──────── Working data ────────

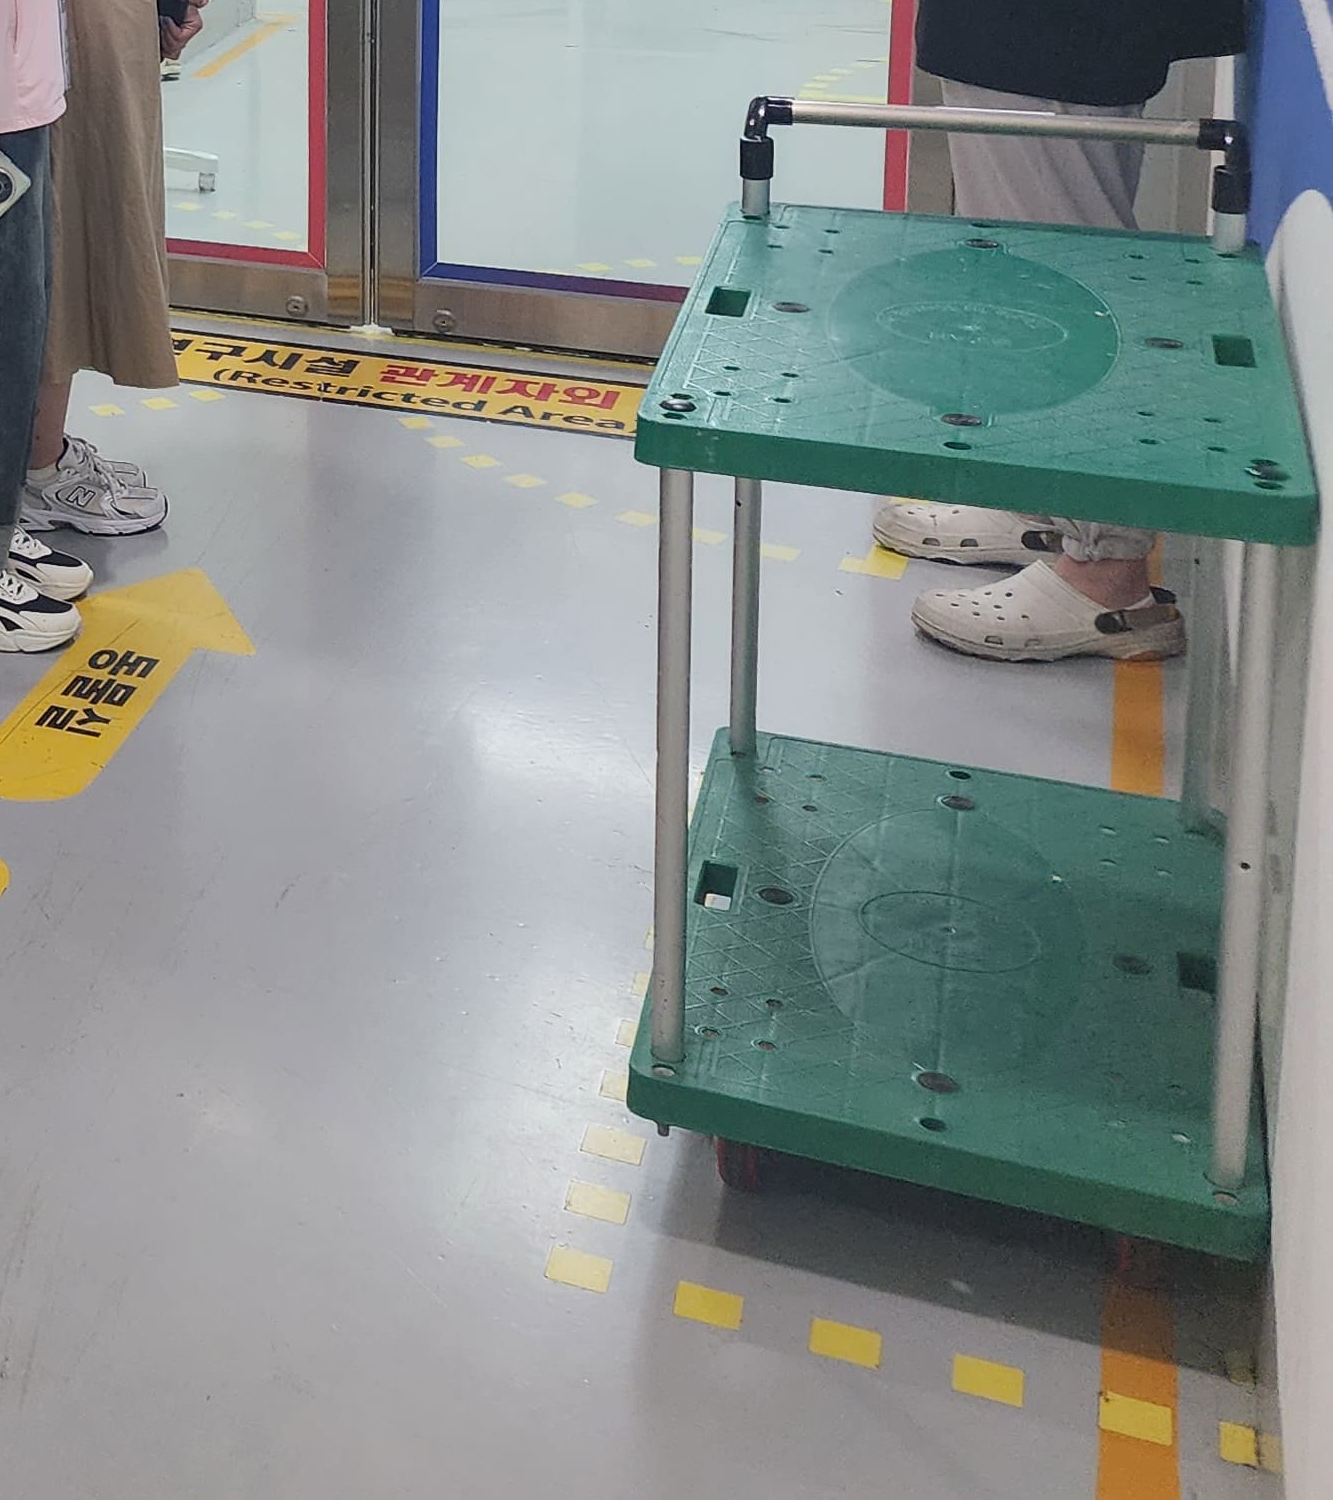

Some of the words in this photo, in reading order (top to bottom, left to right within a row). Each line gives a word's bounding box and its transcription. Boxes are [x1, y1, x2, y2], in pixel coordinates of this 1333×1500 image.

[212, 367, 487, 413] (Restricted
[497, 404, 637, 433] Area
[379, 363, 621, 410] 관계자외
[66, 486, 96, 508] N
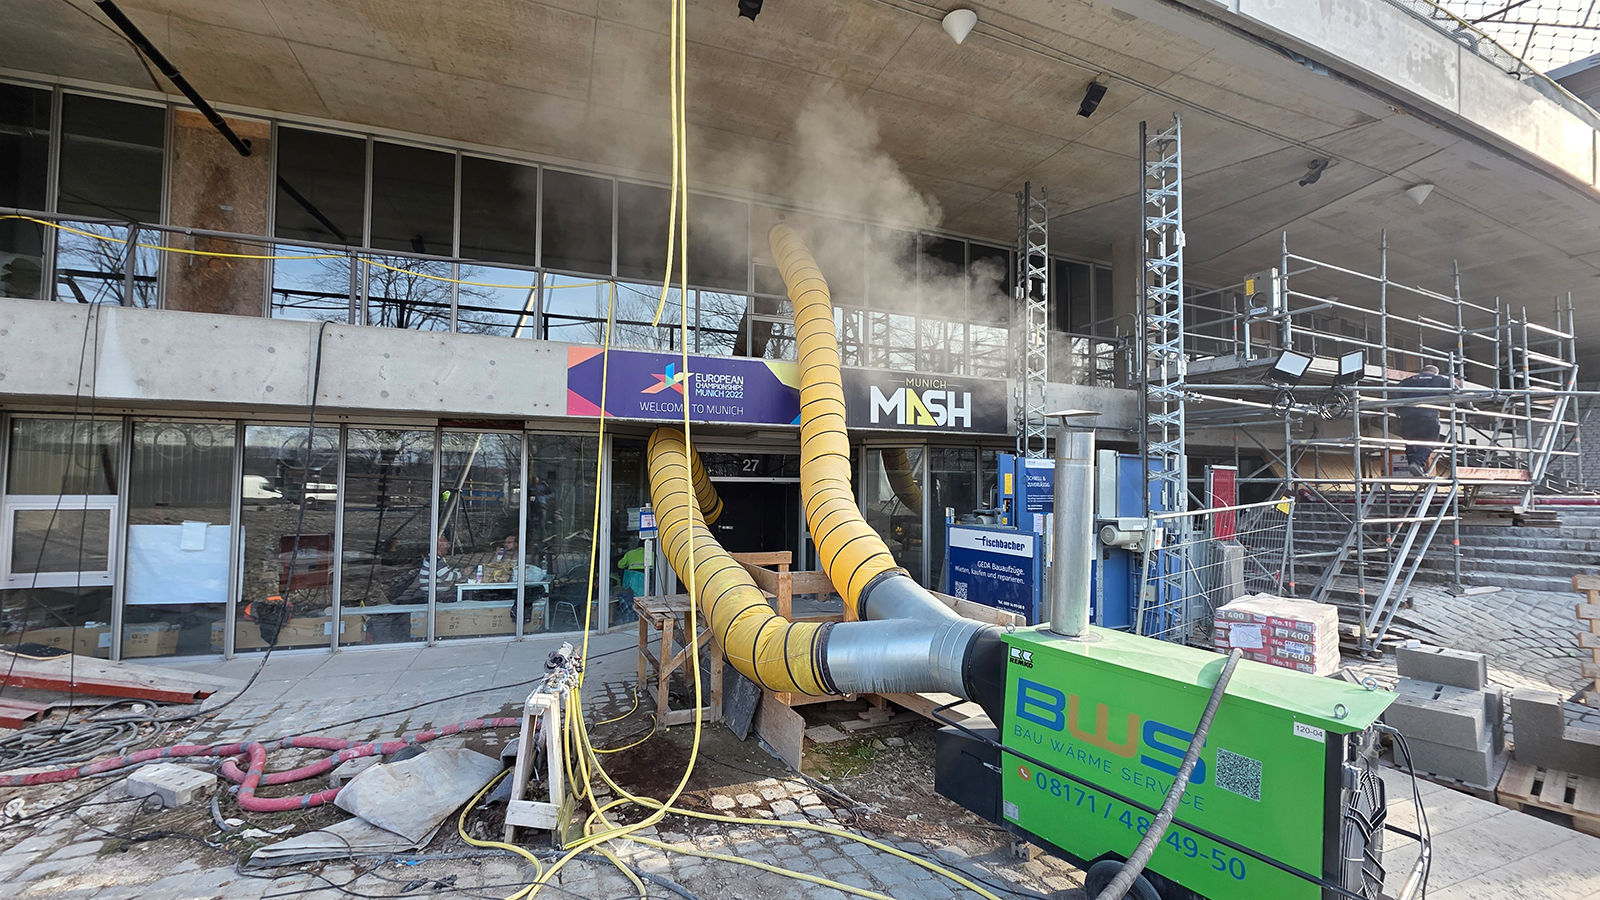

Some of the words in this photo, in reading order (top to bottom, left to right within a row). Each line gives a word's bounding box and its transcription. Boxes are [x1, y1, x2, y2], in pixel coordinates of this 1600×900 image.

[695, 373, 743, 385] EUROPEAN
[905, 377, 947, 389] MUNICH
[695, 382, 743, 391] CHAMPIONSHIPS
[695, 389, 724, 398] MUNICH
[725, 390, 743, 399] 2022
[639, 401, 689, 412] WELCOM
[692, 403, 704, 414] TO
[706, 405, 743, 415] MUNICH
[870, 386, 971, 427] MASH
[742, 459, 759, 471] 27
[975, 536, 1025, 551] fischbacher
[977, 561, 991, 569] GEDA
[971, 567, 987, 577] kaufen
[1228, 612, 1244, 620] 400
[1291, 632, 1310, 641] 400
[1010, 657, 1033, 669] REMKO
[1016, 677, 1206, 785] BWS
[1296, 725, 1323, 737] 120-04
[1014, 724, 1043, 745] BAU
[1050, 738, 1113, 774] WÄRME
[1121, 767, 1205, 811] SERVCE
[1036, 772, 1095, 813] 08171
[1104, 803, 1113, 819] /
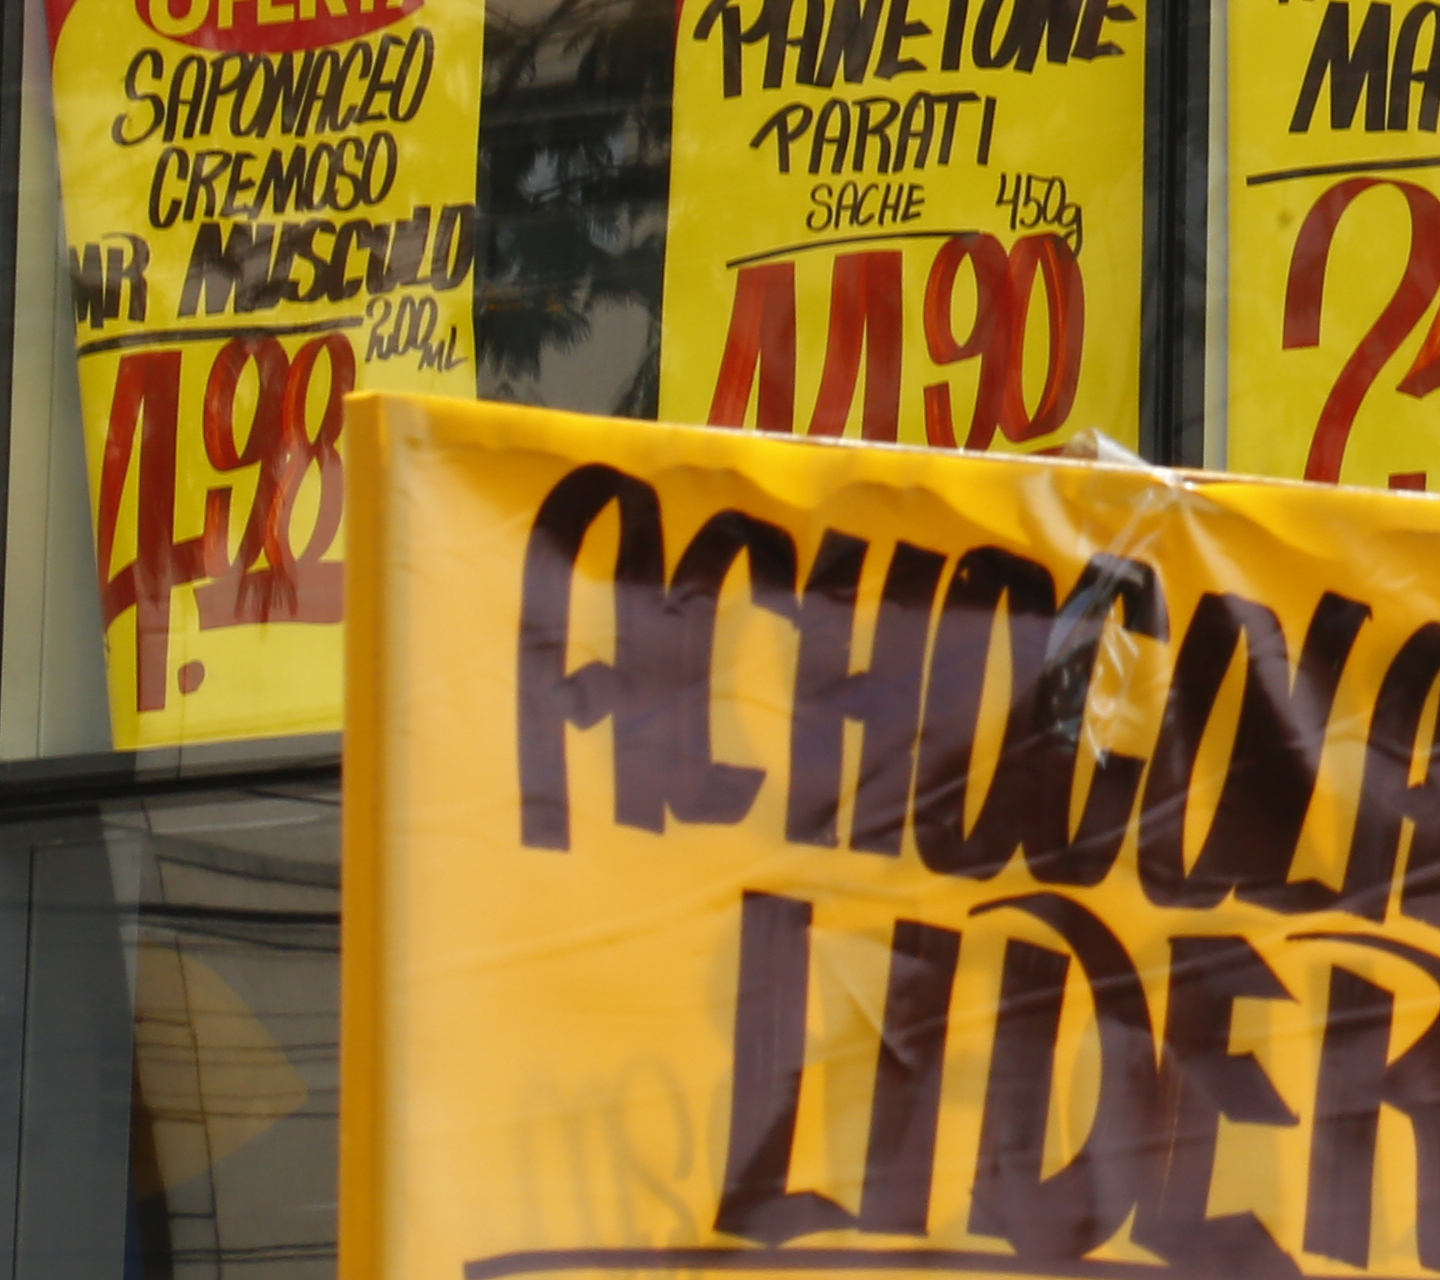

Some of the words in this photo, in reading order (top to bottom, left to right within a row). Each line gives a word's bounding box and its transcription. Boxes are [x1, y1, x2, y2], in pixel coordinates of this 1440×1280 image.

────────

# Work to be completed
Without the pictures, return the whole of the data exactly as given.

# Answer box
Some of the words in this photo, in reading order (top to bottom, left to right within a row). Each line gives a word's bounding box and its transcription. Boxes are [x1, y1, x2, y2], in pixel coordinates of this 1333×1500 image.

[212, 367, 487, 413] (Restricted
[497, 404, 637, 433] Area
[379, 363, 621, 410] 관계자외
[66, 486, 96, 508] N

Some of the words in this photo, in reading order (top to bottom, left to right within a row). Each line gives a word's bounding box and its transcription. Boxes are [x1, y1, x2, y2], in pixel coordinates of this 1600×900 image.

[695, 373, 743, 385] EUROPEAN
[905, 377, 947, 389] MUNICH
[695, 382, 743, 391] CHAMPIONSHIPS
[695, 389, 724, 398] MUNICH
[725, 390, 743, 399] 2022
[639, 401, 689, 412] WELCOM
[692, 403, 704, 414] TO
[706, 405, 743, 415] MUNICH
[870, 386, 971, 427] MASH
[742, 459, 759, 471] 27
[975, 536, 1025, 551] fischbacher
[977, 561, 991, 569] GEDA
[971, 567, 987, 577] kaufen
[1228, 612, 1244, 620] 400
[1291, 632, 1310, 641] 400
[1010, 657, 1033, 669] REMKO
[1016, 677, 1206, 785] BWS
[1296, 725, 1323, 737] 120-04
[1014, 724, 1043, 745] BAU
[1050, 738, 1113, 774] WÄRME
[1121, 767, 1205, 811] SERVCE
[1036, 772, 1095, 813] 08171
[1104, 803, 1113, 819] /

Some of the words in this photo, in reading order (top to bottom, left to right within a row). Each line gives a word's bounding box and its transcription. Boxes are [x1, y1, x2, y2], in pixel coordinates of this 1440×1280 image.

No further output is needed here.